Top of RECORDS SUPPLIED

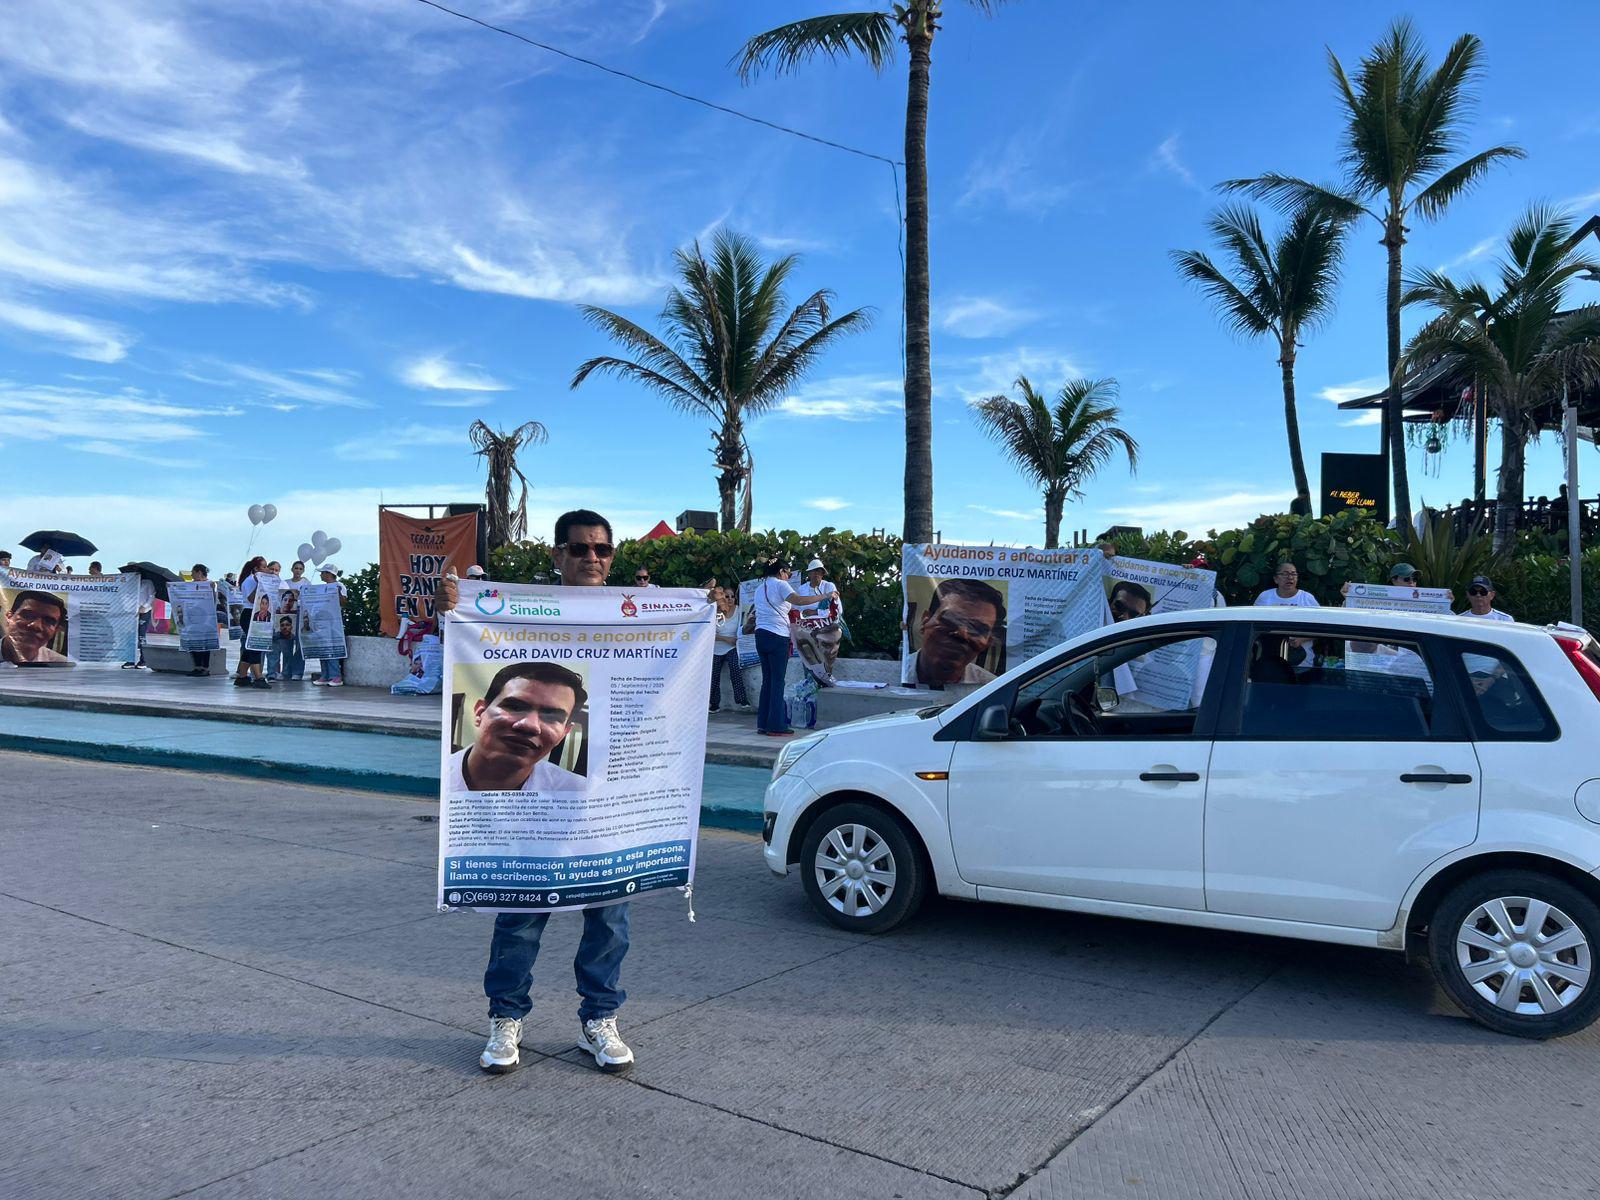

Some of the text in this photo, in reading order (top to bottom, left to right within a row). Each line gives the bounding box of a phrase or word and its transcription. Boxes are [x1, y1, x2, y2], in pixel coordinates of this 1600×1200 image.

[410, 534, 446, 545] TERRAZA
[924, 544, 1089, 564] Ayúdanos a encontrar a
[410, 554, 446, 574] HOY
[927, 564, 1078, 581] OSCAR DAVID CRUZ MARTÍNEZ
[36, 582, 58, 590] DAVID
[1112, 570, 1128, 579] OSCAR
[1130, 573, 1148, 582] DAVID
[1150, 577, 1166, 586] CRUZ
[395, 595, 418, 616] EN
[510, 604, 560, 616] Sinaloa
[480, 627, 690, 645] Ayúdanos a encontrar a
[483, 646, 678, 660] OSCAR DAVID CRUZ MARTÍNEZ
[450, 860, 460, 870] Si
[466, 860, 497, 869] tienes
[502, 860, 564, 870] información
[569, 857, 612, 868] referente
[626, 850, 644, 860] esta
[648, 844, 686, 857] persona,
[450, 872, 478, 880] llama
[491, 872, 550, 882] escribenos.
[554, 872, 566, 880] Tu
[569, 870, 599, 881] ayuda
[602, 868, 612, 876] es
[615, 864, 634, 874] muy
[636, 855, 685, 869] importante.
[474, 892, 498, 902] (669)
[500, 893, 516, 902] 327
[519, 893, 542, 902] 8424

Bottom of RECORDS SUPPLIED

WORK REQUIRED →
Every record above must be copied exactly; none of the pictures belong in the copy.

TASK RESPONSE →
Some of the text in this photo, in reading order (top to bottom, left to right within a row). Each line gives the bounding box of a phrase or word and its transcription. Boxes are [x1, y1, x2, y2], in pixel coordinates of this 1600×1200 image.

[410, 534, 446, 545] TERRAZA
[924, 544, 1089, 564] Ayúdanos a encontrar a
[410, 554, 446, 574] HOY
[927, 564, 1078, 581] OSCAR DAVID CRUZ MARTÍNEZ
[36, 582, 58, 590] DAVID
[1112, 570, 1128, 579] OSCAR
[1130, 573, 1148, 582] DAVID
[1150, 577, 1166, 586] CRUZ
[395, 595, 418, 616] EN
[510, 604, 560, 616] Sinaloa
[480, 627, 690, 645] Ayúdanos a encontrar a
[483, 646, 678, 660] OSCAR DAVID CRUZ MARTÍNEZ
[450, 860, 460, 870] Si
[466, 860, 497, 869] tienes
[502, 860, 564, 870] información
[569, 857, 612, 868] referente
[626, 850, 644, 860] esta
[648, 844, 686, 857] persona,
[450, 872, 478, 880] llama
[491, 872, 550, 882] escribenos.
[554, 872, 566, 880] Tu
[569, 870, 599, 881] ayuda
[602, 868, 612, 876] es
[615, 864, 634, 874] muy
[636, 855, 685, 869] importante.
[474, 892, 498, 902] (669)
[500, 893, 516, 902] 327
[519, 893, 542, 902] 8424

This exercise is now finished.